Phrase grounding data:
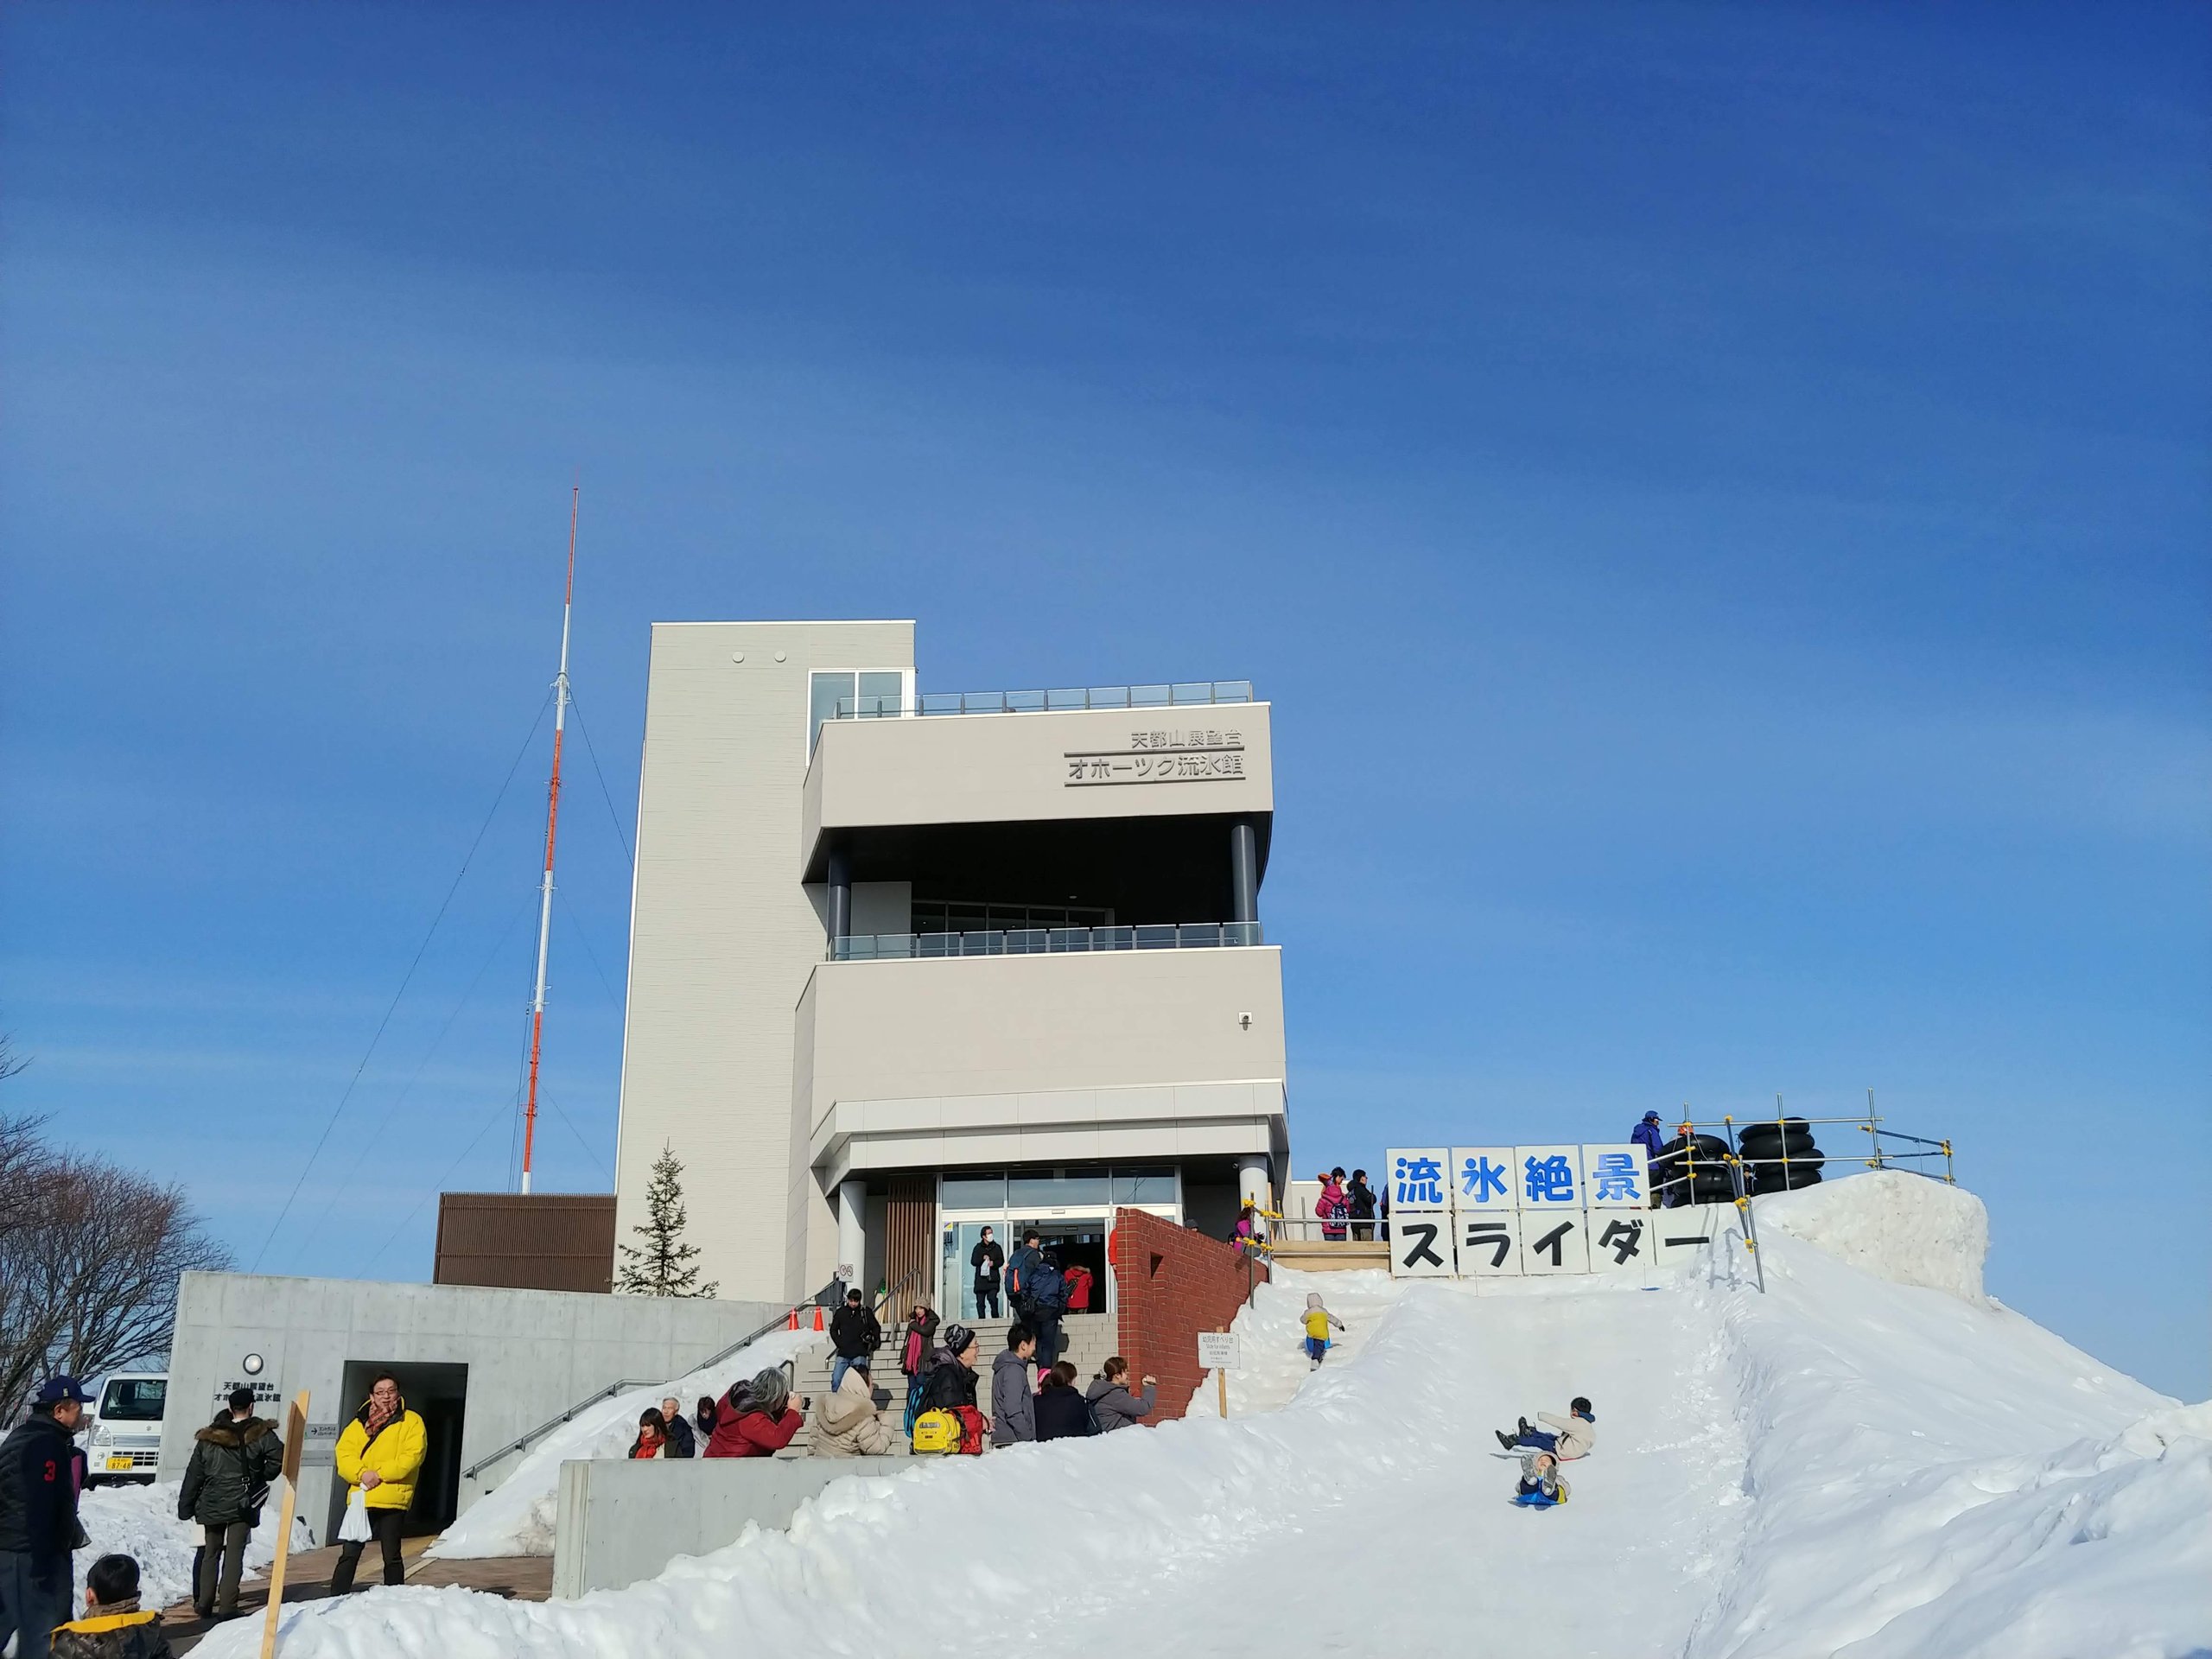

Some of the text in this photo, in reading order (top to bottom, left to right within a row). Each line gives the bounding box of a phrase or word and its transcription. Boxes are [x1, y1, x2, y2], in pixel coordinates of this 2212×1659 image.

[1130, 729, 1243, 748] 天都山展望台
[1069, 754, 1243, 779] オホーツク流氷館
[1395, 1153, 1641, 1204] 流氷絶景
[1402, 1217, 1710, 1268] スライダー

PROBLEM DETAILS ▸ Print the records exactly, every one. Leave out the pictures.

OUTPUT FOR THIS TASK ▸
Some of the text in this photo, in reading order (top to bottom, left to right within a row). Each line gives the bounding box of a phrase or word and its transcription. Boxes are [x1, y1, x2, y2], in pixel coordinates of this 2212×1659 image.

[1130, 729, 1243, 748] 天都山展望台
[1069, 754, 1243, 779] オホーツク流氷館
[1395, 1153, 1641, 1204] 流氷絶景
[1402, 1217, 1710, 1268] スライダー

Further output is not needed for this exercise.